October 17, 2006
Walter Bright wrote:
> Don Clugston wrote:
>> The question is -- would this be worthwhile? I'm really not interested in making another toy.
>> It's straightforward, but tedious, and would double the length of std.regexp.
>> Would the use of templates be such a turn-off that people wouldn't use it?
>> Do the benefits exceed the cost?
> 
> Yes, for the following reasons:
> 
> 1) I think it would make for faster regexp's, more than just by omitting the compile step. That's because the bytecoded program wouldn't need to be interpreted.

I haven't worked out how to do backtracking sensibly when using mixins, so what I'm doing is simply compiling to the bytecoded program at compile time. Later on, it would be possible to add another step which looks for simple pattern types, and generates specific code for them (my guess is that 90% of all regexps use just one of a few simple categories).

> 2) When I show the current one to people, as opposed to Eric Niebler's C++ one, the response is "but the D one is just a toy" with the implication that D is just a toy.

<raise eyebrows> I wonder if anyone is actually using the C++ regexp in production code? Personally I get the feeling that so much of boost is extremely clever, but not terribly practical.

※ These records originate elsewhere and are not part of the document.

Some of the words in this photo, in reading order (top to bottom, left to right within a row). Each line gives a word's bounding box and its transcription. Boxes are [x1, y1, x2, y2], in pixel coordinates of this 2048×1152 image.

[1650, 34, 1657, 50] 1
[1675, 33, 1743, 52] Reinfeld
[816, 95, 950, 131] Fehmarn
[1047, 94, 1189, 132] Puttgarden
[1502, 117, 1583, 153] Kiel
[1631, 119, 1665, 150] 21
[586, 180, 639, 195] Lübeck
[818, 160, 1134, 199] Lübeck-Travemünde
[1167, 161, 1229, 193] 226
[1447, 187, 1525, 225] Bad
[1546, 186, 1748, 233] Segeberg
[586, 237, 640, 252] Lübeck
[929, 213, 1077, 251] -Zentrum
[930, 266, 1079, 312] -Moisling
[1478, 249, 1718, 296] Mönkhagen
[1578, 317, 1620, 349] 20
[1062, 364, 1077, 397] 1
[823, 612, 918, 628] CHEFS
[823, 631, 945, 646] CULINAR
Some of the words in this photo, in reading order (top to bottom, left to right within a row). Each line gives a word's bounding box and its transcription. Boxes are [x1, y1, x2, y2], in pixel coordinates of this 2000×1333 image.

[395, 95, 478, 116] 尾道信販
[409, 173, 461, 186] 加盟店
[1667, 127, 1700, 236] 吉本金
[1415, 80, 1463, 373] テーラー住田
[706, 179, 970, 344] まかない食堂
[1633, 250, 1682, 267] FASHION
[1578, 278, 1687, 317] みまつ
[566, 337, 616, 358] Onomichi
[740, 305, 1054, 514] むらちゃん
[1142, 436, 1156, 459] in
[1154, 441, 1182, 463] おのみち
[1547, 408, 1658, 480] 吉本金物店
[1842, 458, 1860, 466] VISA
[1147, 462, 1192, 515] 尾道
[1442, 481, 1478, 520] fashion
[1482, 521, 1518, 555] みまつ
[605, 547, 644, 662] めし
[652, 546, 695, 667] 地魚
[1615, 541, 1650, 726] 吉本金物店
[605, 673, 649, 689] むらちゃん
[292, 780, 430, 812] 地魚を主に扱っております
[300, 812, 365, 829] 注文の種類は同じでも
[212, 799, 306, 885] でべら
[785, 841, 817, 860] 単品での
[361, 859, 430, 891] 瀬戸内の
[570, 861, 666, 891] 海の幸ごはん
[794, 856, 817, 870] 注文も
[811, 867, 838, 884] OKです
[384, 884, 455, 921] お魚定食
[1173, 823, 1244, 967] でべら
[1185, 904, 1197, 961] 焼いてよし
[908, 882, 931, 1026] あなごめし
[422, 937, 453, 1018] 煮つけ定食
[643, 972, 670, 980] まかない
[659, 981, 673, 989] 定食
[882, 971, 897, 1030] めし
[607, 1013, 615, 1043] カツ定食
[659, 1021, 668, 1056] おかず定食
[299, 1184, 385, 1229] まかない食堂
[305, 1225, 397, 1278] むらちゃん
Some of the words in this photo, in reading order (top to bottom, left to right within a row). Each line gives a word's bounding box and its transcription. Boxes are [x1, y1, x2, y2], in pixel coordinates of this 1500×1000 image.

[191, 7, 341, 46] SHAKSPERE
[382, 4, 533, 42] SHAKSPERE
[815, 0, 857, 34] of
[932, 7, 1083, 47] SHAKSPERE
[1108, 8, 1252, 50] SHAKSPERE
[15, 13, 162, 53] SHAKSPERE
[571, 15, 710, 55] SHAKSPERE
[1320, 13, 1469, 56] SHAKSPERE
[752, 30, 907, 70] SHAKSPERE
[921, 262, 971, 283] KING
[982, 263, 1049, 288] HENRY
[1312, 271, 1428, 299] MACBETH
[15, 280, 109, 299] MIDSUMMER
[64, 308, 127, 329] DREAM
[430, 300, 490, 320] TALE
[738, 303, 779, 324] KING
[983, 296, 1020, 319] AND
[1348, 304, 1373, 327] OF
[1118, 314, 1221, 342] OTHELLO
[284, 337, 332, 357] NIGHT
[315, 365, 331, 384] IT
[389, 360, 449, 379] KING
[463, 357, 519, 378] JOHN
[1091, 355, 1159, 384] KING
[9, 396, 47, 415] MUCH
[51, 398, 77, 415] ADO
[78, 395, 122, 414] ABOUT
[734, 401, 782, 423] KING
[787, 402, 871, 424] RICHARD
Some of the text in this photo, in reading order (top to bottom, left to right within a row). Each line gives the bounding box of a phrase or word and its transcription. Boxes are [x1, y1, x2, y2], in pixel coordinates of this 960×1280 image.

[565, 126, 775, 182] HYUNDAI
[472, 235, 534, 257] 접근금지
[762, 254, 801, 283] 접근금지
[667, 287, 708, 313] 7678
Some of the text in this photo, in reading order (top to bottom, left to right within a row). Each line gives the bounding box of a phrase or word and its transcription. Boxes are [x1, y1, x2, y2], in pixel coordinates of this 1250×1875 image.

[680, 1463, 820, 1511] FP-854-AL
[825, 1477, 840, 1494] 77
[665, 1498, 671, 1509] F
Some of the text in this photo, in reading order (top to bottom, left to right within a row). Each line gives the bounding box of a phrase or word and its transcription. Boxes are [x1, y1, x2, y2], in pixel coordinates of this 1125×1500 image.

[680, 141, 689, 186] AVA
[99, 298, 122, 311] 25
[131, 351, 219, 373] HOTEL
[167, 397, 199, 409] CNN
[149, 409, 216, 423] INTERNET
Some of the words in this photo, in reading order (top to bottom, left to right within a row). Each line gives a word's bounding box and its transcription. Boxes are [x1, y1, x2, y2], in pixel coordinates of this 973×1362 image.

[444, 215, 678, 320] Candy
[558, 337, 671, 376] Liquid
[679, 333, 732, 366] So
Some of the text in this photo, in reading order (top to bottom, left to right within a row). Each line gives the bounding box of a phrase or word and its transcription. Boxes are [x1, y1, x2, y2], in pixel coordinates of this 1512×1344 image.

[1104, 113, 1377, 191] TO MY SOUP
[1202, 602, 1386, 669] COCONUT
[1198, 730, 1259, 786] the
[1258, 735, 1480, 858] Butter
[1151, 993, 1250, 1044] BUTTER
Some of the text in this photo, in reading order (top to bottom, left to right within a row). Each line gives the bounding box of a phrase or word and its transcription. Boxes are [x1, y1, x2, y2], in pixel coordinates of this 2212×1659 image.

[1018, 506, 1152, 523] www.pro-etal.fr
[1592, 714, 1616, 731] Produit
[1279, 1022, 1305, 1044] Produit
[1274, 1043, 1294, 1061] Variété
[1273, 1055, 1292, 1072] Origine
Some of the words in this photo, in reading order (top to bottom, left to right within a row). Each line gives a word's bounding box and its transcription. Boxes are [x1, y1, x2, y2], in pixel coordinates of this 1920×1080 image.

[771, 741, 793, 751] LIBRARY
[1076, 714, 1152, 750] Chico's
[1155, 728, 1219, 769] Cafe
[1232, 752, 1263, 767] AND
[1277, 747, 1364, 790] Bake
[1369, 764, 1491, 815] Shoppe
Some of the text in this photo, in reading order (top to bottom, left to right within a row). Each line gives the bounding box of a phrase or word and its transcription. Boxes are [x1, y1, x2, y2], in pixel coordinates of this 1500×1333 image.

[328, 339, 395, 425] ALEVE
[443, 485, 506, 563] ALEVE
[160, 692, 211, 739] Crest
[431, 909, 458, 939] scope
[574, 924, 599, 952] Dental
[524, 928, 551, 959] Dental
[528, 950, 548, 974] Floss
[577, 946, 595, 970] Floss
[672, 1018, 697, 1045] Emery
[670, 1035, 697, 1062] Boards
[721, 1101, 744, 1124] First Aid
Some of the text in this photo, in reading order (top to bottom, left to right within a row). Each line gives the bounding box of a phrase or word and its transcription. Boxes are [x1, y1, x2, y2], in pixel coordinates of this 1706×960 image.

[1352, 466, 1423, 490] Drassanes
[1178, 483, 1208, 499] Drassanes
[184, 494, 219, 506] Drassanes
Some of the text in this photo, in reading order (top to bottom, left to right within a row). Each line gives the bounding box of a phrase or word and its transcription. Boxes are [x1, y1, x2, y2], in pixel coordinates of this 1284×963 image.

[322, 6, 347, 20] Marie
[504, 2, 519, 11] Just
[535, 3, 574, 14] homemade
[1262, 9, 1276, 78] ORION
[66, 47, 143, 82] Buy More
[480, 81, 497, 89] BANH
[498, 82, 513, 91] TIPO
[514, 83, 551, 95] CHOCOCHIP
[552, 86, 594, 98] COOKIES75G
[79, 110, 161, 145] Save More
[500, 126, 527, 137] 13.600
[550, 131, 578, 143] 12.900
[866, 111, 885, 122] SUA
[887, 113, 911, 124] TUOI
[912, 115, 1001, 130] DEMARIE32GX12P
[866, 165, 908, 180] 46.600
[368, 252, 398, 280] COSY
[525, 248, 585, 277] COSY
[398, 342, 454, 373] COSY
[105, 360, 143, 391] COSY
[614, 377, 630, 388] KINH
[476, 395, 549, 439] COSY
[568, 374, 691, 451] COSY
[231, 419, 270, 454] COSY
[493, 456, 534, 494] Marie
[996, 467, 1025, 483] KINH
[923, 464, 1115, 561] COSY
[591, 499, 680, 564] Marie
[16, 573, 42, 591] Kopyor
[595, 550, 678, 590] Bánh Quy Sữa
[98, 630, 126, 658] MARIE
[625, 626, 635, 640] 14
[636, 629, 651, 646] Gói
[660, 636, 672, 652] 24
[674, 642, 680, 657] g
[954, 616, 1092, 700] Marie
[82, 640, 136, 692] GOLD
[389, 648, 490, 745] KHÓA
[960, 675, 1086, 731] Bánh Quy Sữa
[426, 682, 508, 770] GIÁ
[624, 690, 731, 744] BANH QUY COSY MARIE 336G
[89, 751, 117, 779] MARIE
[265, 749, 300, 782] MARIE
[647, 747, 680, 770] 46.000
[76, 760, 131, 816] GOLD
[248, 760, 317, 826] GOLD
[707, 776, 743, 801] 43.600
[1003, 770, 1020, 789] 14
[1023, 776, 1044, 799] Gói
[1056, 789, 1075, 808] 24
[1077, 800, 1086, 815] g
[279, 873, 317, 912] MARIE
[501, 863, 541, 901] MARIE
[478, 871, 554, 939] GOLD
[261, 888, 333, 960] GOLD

> 3) I wrote std.regexp long before people needed or asked for it. I knew it would eventually become a critically needed module, and that came to pass. It was nice that it was there when they needed it, and the time passed had ensured that it was a solid piece of code.
> 
> 4) Your crafting of the current toy version was the catalyst for a big leap forward in D's templating system. Doing a professional one may expose critical problems that need to be fixed, and even if no such flaws are discovered, it would prove that D's TMP capabilities are up to scratch.
> 
> Sure, a lot of people are turned off by templates. That's one of my motivations for making things like associative arrays usable without templates. But for the people who do use templates, this can be a very big deal.

There's a potential piece of syntax sugar that IMHO would be a killer feature. If it were possible to overload a function based on whether a parameter is a compile-time literal, or a variable, the use of template metaprogramming could become completely invisible to the user.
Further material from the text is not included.